(Data excerpts begins)

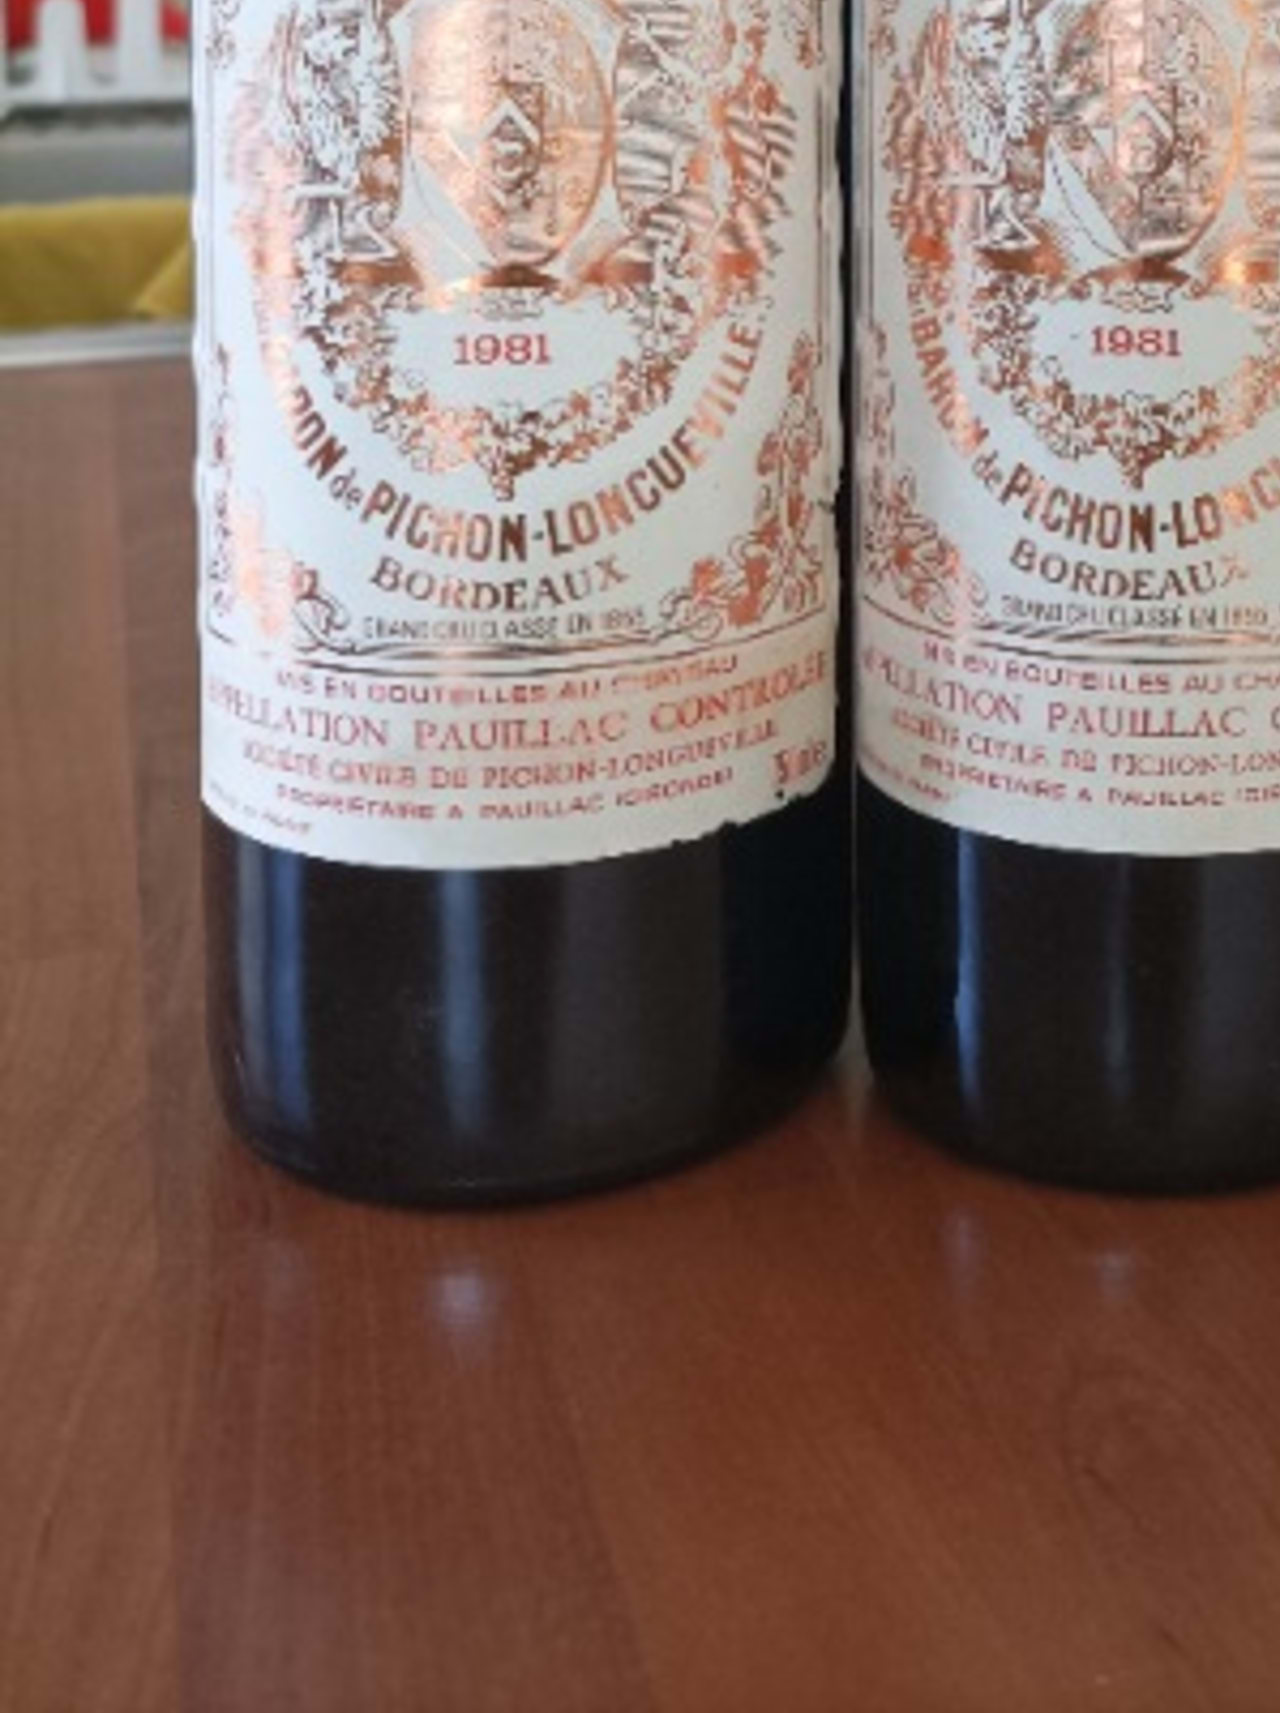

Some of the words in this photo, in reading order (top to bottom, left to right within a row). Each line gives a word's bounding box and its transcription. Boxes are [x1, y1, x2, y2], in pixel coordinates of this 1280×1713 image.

[453, 334, 553, 365] 1981
[1090, 325, 1182, 358] 1981
[329, 467, 363, 510] de
[368, 554, 628, 613] BORDEAUX
[1009, 538, 1252, 601] BORDEAUX
[414, 711, 628, 751] PAUILLAC
[1047, 701, 1249, 739] PAUILLAC
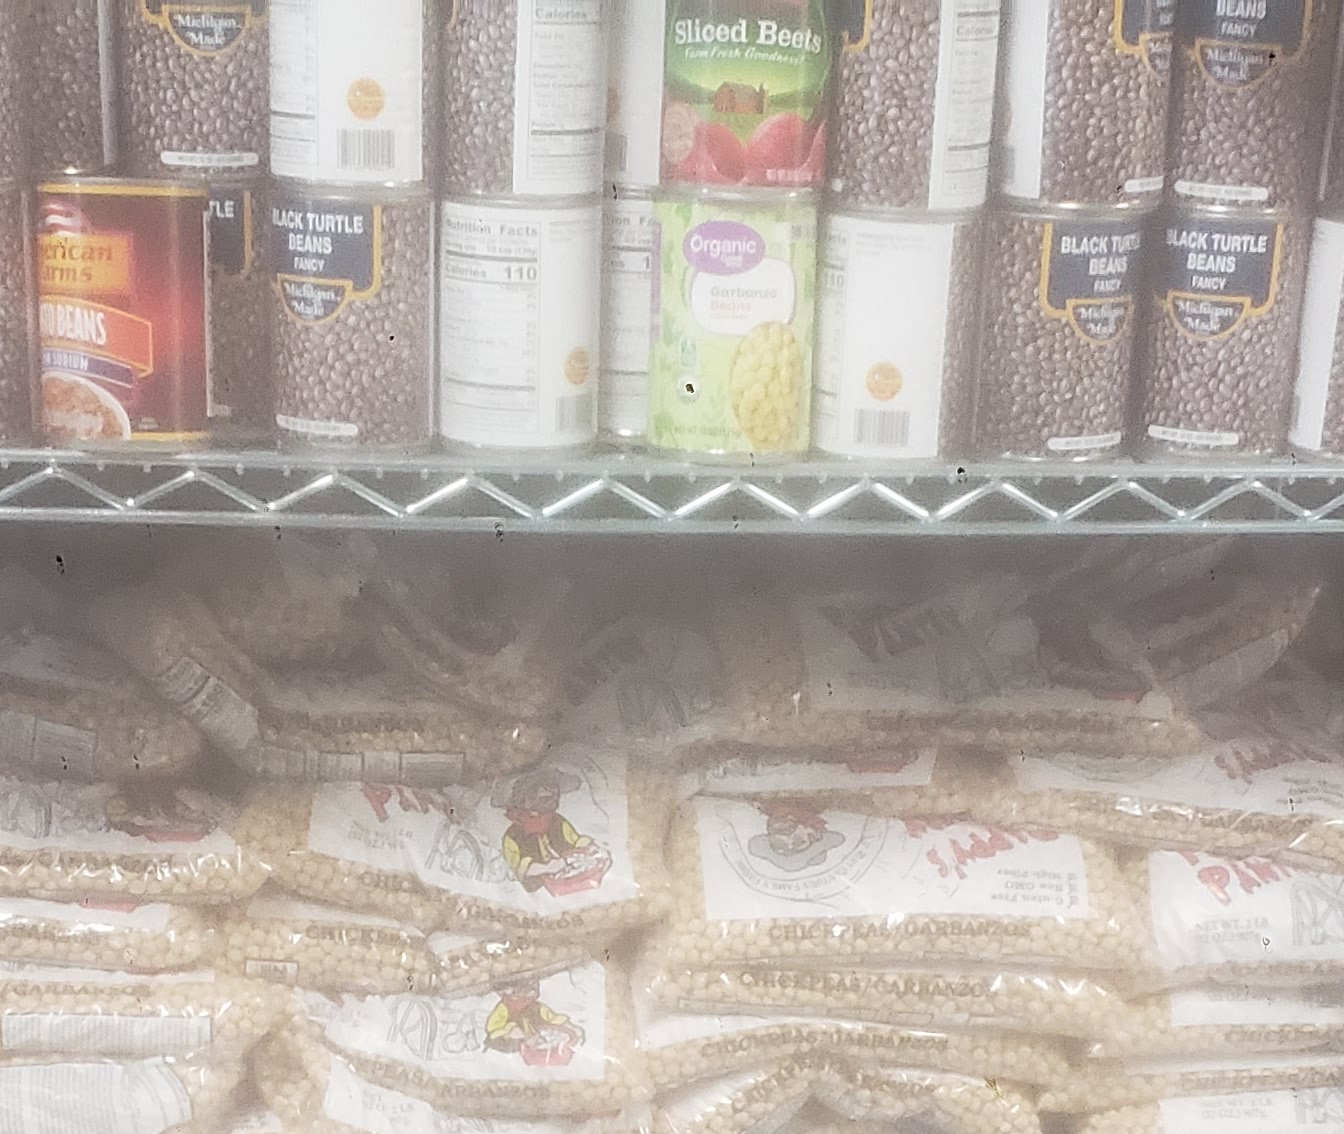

(Data excerpts ends)

Aim of the task:
Omit pictures and output the listing exactly.

Written answer:
Some of the words in this photo, in reading order (top to bottom, left to right within a row). Each line gives a word's bounding box and its transcription. Boxes are [x1, y1, x2, y2], in pixel coordinates of this 1280×1713 image.

[453, 334, 553, 365] 1981
[1090, 325, 1182, 358] 1981
[329, 467, 363, 510] de
[368, 554, 628, 613] BORDEAUX
[1009, 538, 1252, 601] BORDEAUX
[414, 711, 628, 751] PAUILLAC
[1047, 701, 1249, 739] PAUILLAC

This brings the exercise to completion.